Otra causa frecuente es la estimulación del cuello uterino o del fondo vaginal, que comparten vías nerviosas con la vejiga a través del plexo hipogástrico inferior. Esta convergencia neuronal puede provocar una sensación referida: lo que se origina en el útero o en el fondo vaginal se interpreta erróneamente por el sistema nervioso central como una señal proveniente de la vejiga. Además, en mujeres con hiperactividad del detrusor leve o con sensibilidad aumentada de la mucosa vesical (por ejemplo, tras infecciones urinarias previas o síndrome de vejiga dolorosa), esta sensación puede ser más intensa o persistente.
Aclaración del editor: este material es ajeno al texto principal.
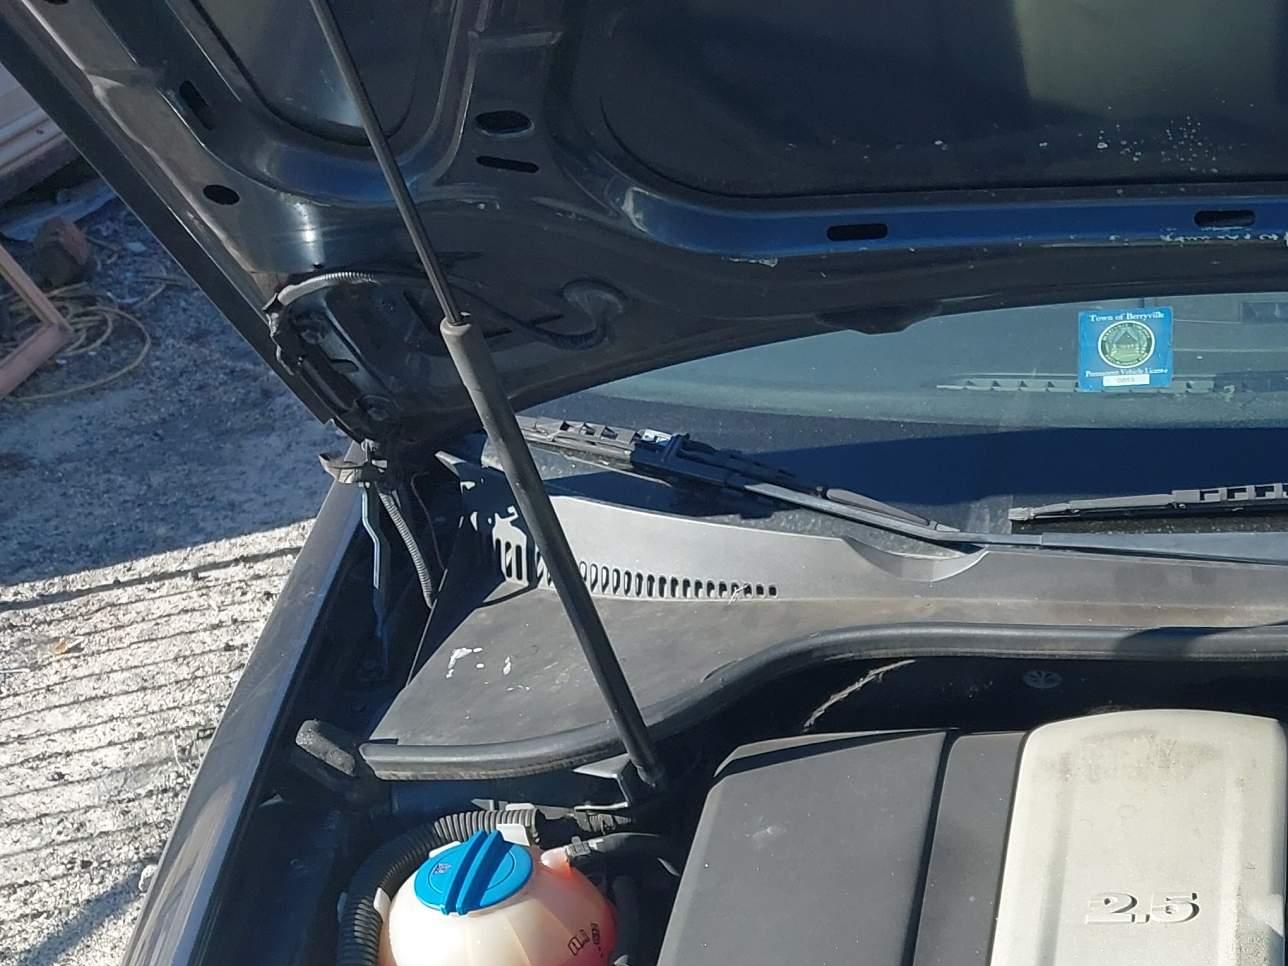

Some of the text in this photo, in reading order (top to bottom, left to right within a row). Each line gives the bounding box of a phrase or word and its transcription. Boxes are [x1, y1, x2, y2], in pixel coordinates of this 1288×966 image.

También debe considerarse la posibilidad de infección del tracto urinario bajo (cistitis), especialmente si la urgencia va acompañada de disuria, polaquiuria, ardor o turbidez urinaria. Asimismo, condiciones como el prolapso genital leve (por ejemplo, cistocele) pueden favorecer la compresión vesical durante la actividad sexual. Si el síntoma es ocasional, no asociado a otros signos de alarma y desaparece tras la micción postcoital, generalmente corresponde a un fenómeno funcional benigno. Sin embargo, si es recurrente, incapacitante o se asocia a incontinencia urinaria, dolor pélvico o sangrado, se recomienda una evaluación uroginecológica completa, que puede incluir anamnesis detallada, exploración física, uroanálisis, ecografía pélvica y, en casos seleccionados, urodinámica.